Hi Feng, Thank you for replying.
It is the same binary on the same machine that fails.
If I ssh to a compute node on the second cluster, it works fine.
It fails when running in an interactive shell obtained with srun on that same compute node.
I agree that it seems like a runtime environment difference between the SSH shell and the srun obtained shell.

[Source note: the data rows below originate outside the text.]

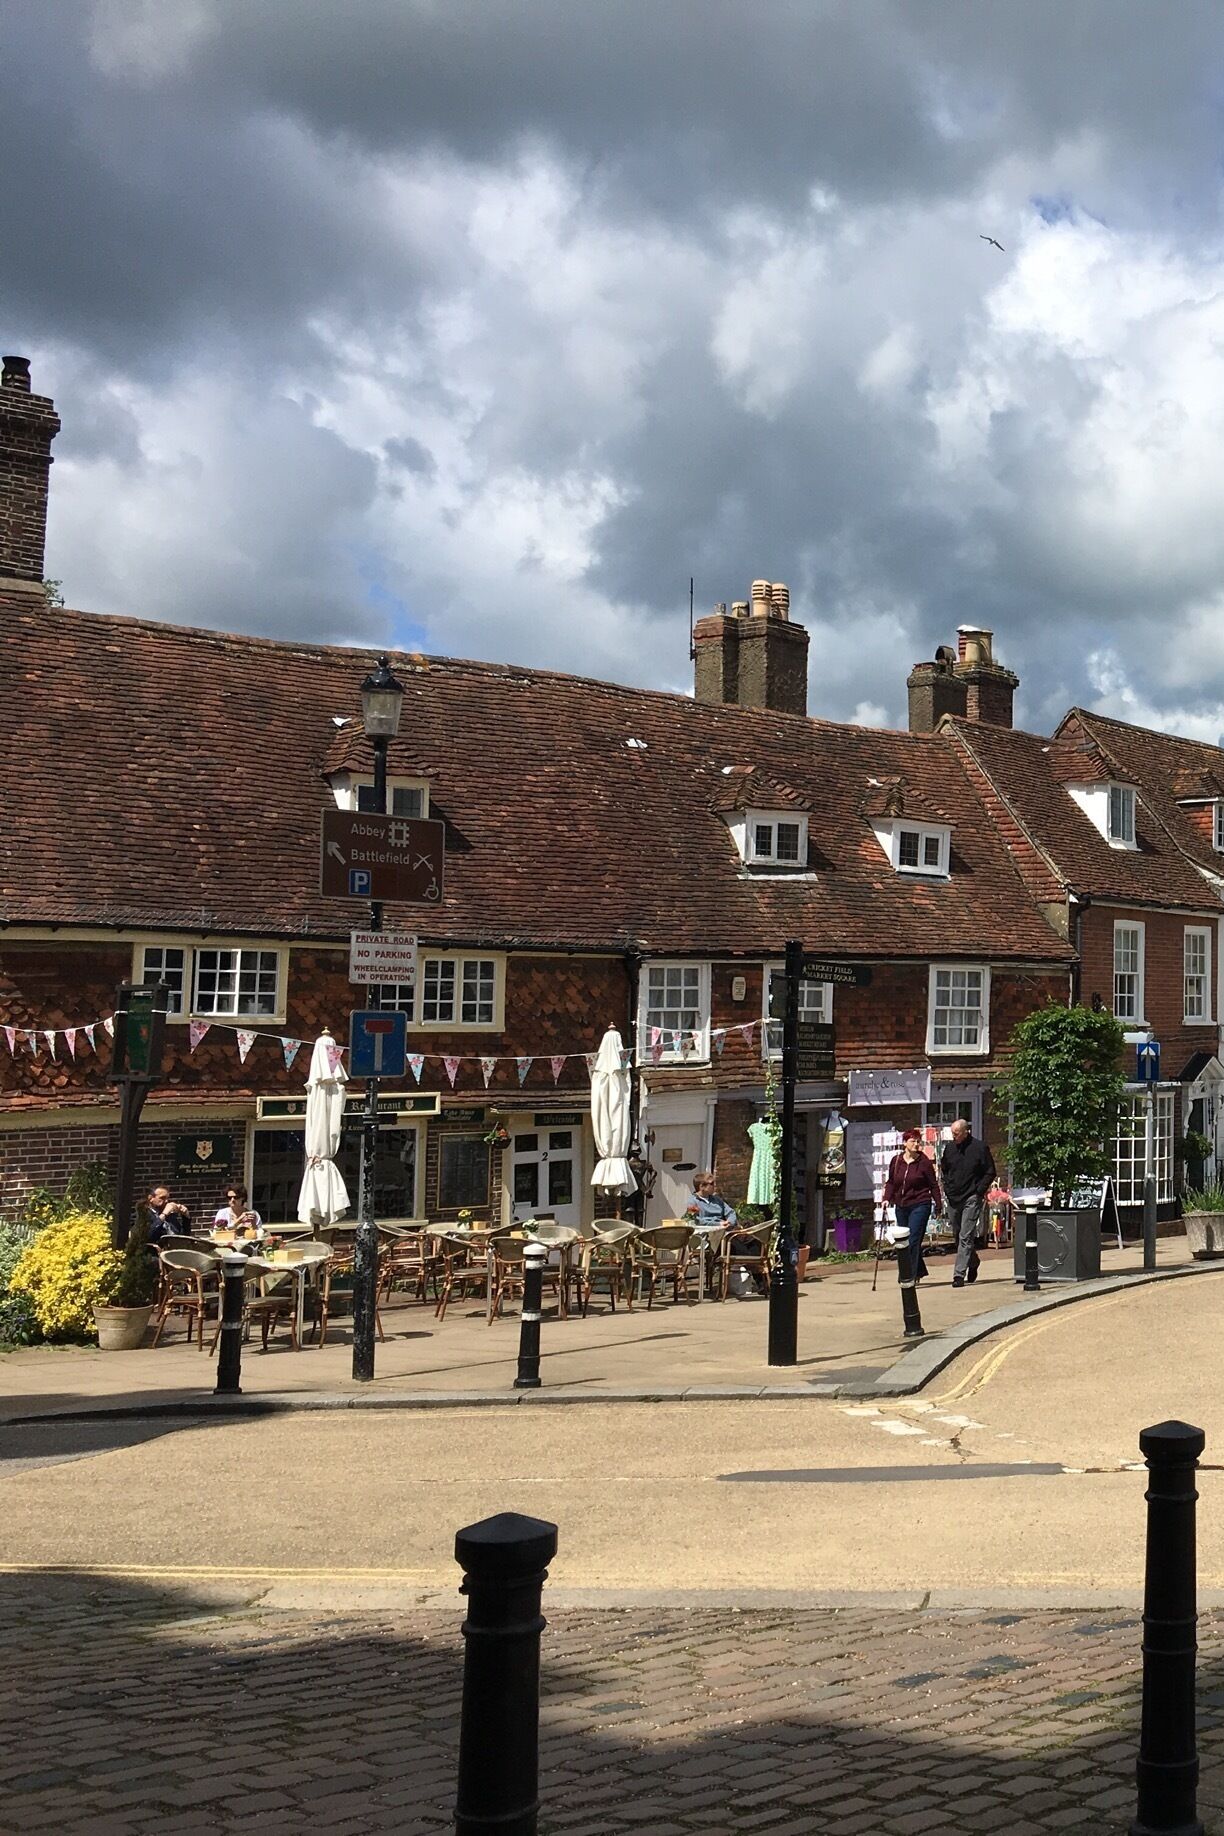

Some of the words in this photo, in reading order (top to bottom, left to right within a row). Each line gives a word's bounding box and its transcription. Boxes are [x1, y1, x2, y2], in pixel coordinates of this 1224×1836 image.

[350, 823, 387, 839] Abbey
[350, 848, 411, 865] Battlefield
[354, 872, 369, 893] P
[355, 934, 389, 943] PRIVATE
[393, 936, 415, 945] ROAD
[357, 950, 370, 958] NO
[375, 950, 412, 959] PARKING
[353, 964, 415, 974] WHEELCLAMPING
[807, 963, 834, 973] CRICKET
[834, 966, 852, 974] FIELD
[370, 973, 411, 982] OPERATION
[806, 971, 832, 981] MARKET
[833, 973, 857, 983] SQUARE
[880, 1076, 890, 1089] &
[350, 1100, 401, 1112] Reurant
[541, 1151, 549, 1161] 2
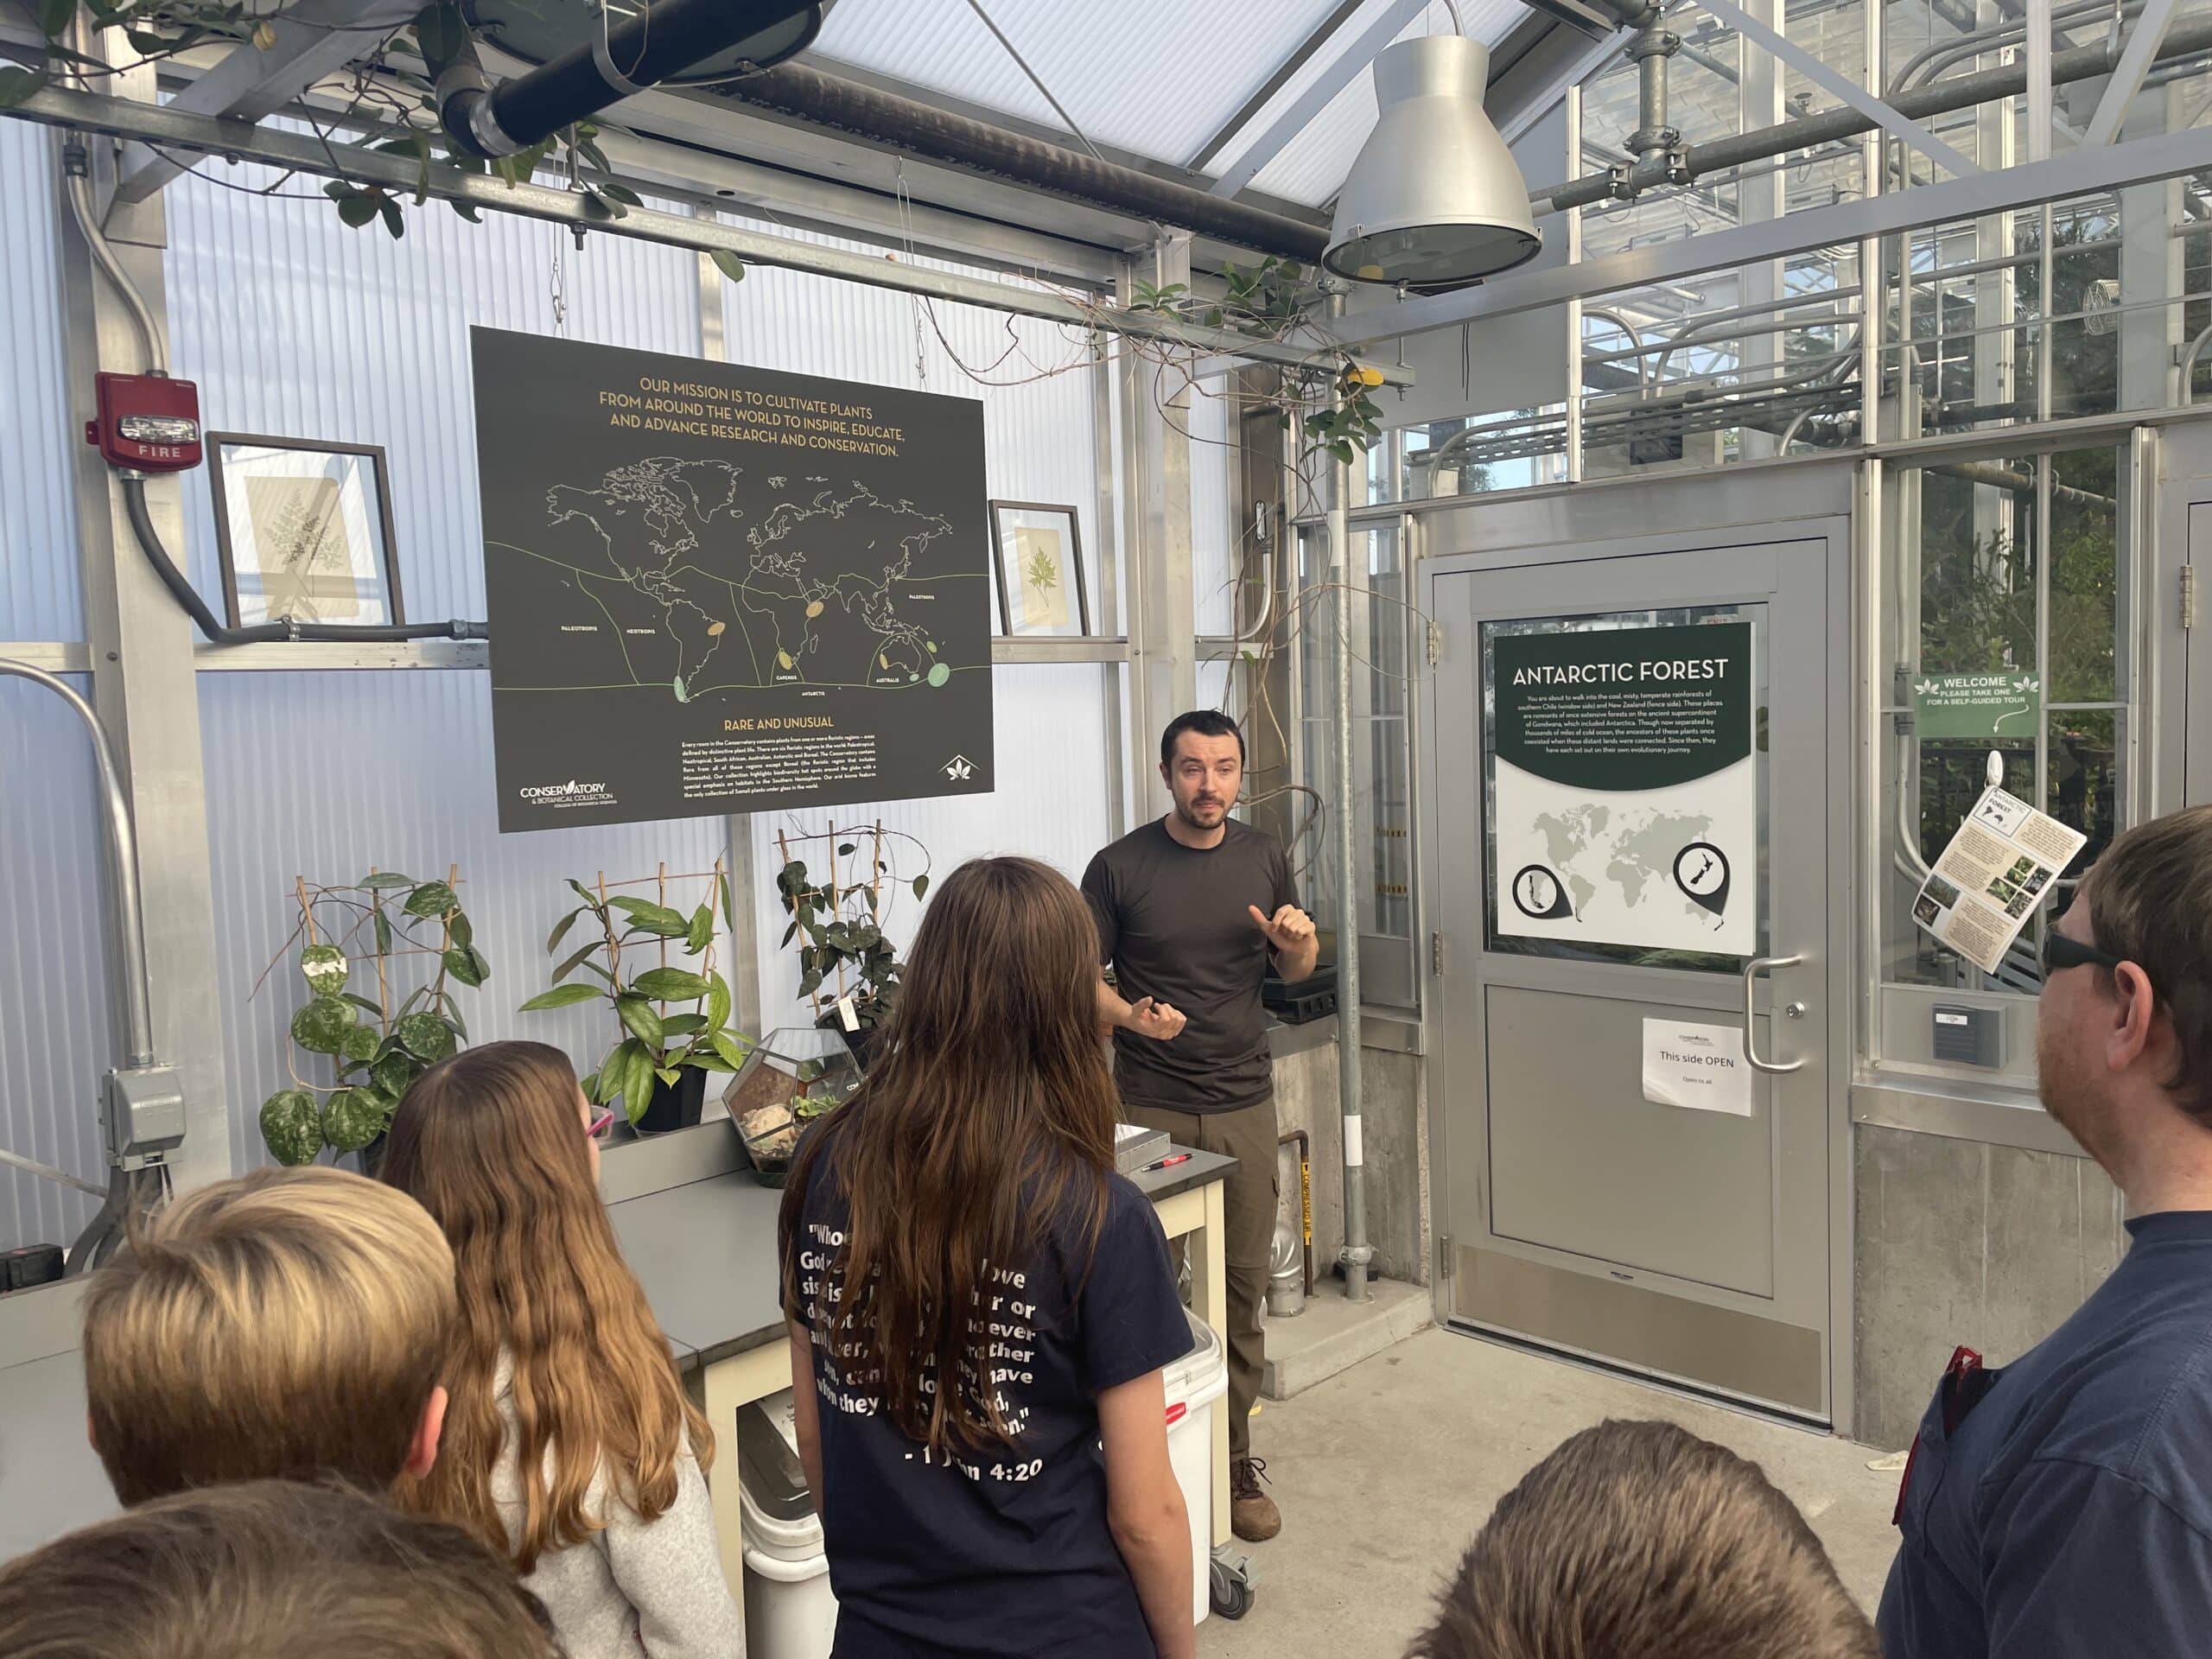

This is the ldd from within the srun obtained shell (and gives the error when run):
[deej@moose66 ~]$ ldd /mnt/local/ollama/ollama linux-vdso.so.1 (0x00007ffde81ee000) libresolv.so.2 => /lib64/libresolv.so.2 (0x0000154f732cc000) libpthread.so.0 => /lib64/libpthread.so.0 (0x0000154f732c7000) libstdc++.so.6 => /lib64/libstdc++.so.6 (0x0000154f73000000) librt.so.1 => /lib64/librt.so.1 (0x0000154f732c2000) libdl.so.2 => /lib64/libdl.so.2 (0x0000154f732bb000) libm.so.6 => /lib64/libm.so.6 (0x0000154f72f25000) libgcc_s.so.1 => /lib64/libgcc_s.so.1 (0x0000154f732a0000) libc.so.6 => /lib64/libc.so.6 (0x0000154f72c00000) /lib64/ld-linux-x86-64.so.2 (0x0000154f732f8000)
This is the ldd from the same exact node within an SSH shell which runs fine:
[deej@moose66 ~]$ ldd /mnt/local/ollama/ollama linux-vdso.so.1 (0x00007fffa66ff000) libresolv.so.2 => /lib64/libresolv.so.2 (0x000014a9d82da000) libpthread.so.0 => /lib64/libpthread.so.0 (0x000014a9d82d5000) libstdc++.so.6 => /lib64/libstdc++.so.6 (0x000014a9d8000000) librt.so.1 => /lib64/librt.so.1 (0x000014a9d82d0000) libdl.so.2 => /lib64/libdl.so.2 (0x000014a9d82c9000) libm.so.6 => /lib64/libm.so.6 (0x000014a9d7f25000) libgcc_s.so.1 => /lib64/libgcc_s.so.1 (0x000014a9d82ae000) libc.so.6 => /lib64/libc.so.6 (0x000014a9d7c00000) /lib64/ld-linux-x86-64.so.2 (0x000014a9d8306000)
-Dj
On 5/14/24 15:25, Feng Zhang via slurm-users wrote:
Looks more like a runtime environment issue.
Check the binaries:
ldd /mnt/local/ollama/ollama
on both clusters and comparing the output may give some hints.
Best,
Feng
On Tue, May 14, 2024 at 2:41 PM Dj Merrill via slurm-users slurm-users@lists.schedmd.com wrote:
I'm running into a strange issue and I'm hoping another set of brains looking at this might help. I would appreciate any feedback.
I have two Slurm Clusters. The first cluster is running Slurm 21.08.8 on Rocky Linux 8.9 machines. The second cluster is running Slurm 23.11.6 on Rocky Linux 9.4 machines.
This works perfectly fine on the first cluster:
$ srun --mem=32G --pty /bin/bash
srun: job 93911 queued and waiting for resources srun: job 93911 has been allocated resources
and on the resulting shell on the compute node:
$ /mnt/local/ollama/ollama help
and the ollama help message appears as expected.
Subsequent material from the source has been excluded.